We define the equilibrium mass action ratio as

$${\left(\frac{\left[{\text{NADH}}^{2-}\right]\left[{\text{OAA}}^{2-}\right]}{\left[{\text{NAD}}^{-}\right]\left[{\text{MAL}}^{2-}\right]}\right)}_{\text{eq}}=K_{\text{eq}}^{\prime }=K_{\text{eq}}\frac{1}{h},$$ (5)

where h represents the hydrogen ion activity computed as h = 10^−pH. The K′_eq, estimated from Li et al. (17) at I = 0.17 M and T = 25°C, is 8.3 × 10⁻¹³ M⁻¹.

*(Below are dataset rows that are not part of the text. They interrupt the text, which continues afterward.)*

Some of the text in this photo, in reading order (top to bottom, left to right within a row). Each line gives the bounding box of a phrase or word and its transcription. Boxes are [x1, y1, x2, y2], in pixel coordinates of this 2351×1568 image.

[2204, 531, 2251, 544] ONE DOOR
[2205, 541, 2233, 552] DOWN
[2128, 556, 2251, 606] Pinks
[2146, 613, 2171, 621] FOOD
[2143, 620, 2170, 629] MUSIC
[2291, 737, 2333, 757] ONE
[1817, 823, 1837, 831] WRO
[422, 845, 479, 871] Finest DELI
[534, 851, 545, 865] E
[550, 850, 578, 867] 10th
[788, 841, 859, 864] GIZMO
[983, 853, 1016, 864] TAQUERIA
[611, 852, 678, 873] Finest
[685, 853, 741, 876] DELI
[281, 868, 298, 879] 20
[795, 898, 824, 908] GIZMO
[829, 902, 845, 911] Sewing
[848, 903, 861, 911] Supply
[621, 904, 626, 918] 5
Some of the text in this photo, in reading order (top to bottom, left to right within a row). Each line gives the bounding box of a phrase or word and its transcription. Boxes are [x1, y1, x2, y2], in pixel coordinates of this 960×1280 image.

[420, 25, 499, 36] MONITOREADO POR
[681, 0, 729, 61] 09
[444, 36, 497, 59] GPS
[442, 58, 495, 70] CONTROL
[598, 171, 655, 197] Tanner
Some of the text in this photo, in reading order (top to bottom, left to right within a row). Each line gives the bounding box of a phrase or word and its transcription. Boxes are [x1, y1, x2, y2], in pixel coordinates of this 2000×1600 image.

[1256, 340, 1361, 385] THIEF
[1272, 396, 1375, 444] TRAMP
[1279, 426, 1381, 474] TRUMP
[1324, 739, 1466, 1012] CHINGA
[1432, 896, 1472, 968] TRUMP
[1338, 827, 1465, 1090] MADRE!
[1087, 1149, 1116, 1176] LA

The kinetic model used to analyze data on this reaction is based on the ordered bi-bi mechanism illustrated in Fig. 1 A. Specifically, it is assumed that at a given pH, the reaction follows a quasi-steady rate law for the ordered bi-bi mechanism that can be computed as (18)

$$\frac{dP}{dt}=\frac{dQ}{dt}=-\frac{dA}{dt}=-\frac{dB}{dt}=\frac{E_0\left({\overline{k}}_1{\overline{k}}_2{\overline{k}}_3{\overline{k}}_4\left[A\right]\left[B\right]-{\overline{k}}_{-1}{\overline{k}}_{-2}{\overline{k}}_{-3}{\overline{k}}_{-4}\left[P\right]\left[Q\right]\right)}{\text{den}},$$ (6)

where the denominator term is

$${\overline{k}}_{-1}{\overline{k}}_4\left({\overline{k}}_{-2}+{\overline{k}}_3\right)+{\overline{k}}_1{\overline{k}}_4\left({\overline{k}}_{-2}+{\overline{k}}_3\right)\left[A\right]+{\overline{k}}_2{\overline{k}}_3{\overline{k}}_4\left[B\right]+{\overline{k}}_{-1}{\overline{k}}_{-2}{\overline{k}}_{-3}\left[P\right]+{\overline{k}}_1{\overline{k}}_{-4}\left({\overline{k}}_{-2}+{\overline{k}}_3\right)\left[Q\right]+{\overline{k}}_1{\overline{k}}_2\left({\overline{k}}_3+{\overline{k}}_4\right)\left[A\right]\left[B\right]+{\overline{k}}_1{\overline{k}}_{-2}{\overline{k}}_{-3}\left[A\right]\left[P\right]+{\overline{k}}_2{\overline{k}}_3{\overline{k}}_{-4}\left[B\right]\left[Q\right]+{\overline{k}}_{-3}{\overline{k}}_{-4}\left({\overline{k}}_{-1}+{\overline{k}}_{-2}\right)\left[P\right]\left[Q\right]+{\overline{k}}_1{\overline{k}}_2{\overline{k}}_{-3}\left[A\right]\left[B\right]\left[Q\right]+{\overline{k}}_2{\overline{k}}_{-3}{\overline{k}}_{-4}\left[B\right]\left[P\right]\left[Q\right].$$ (7)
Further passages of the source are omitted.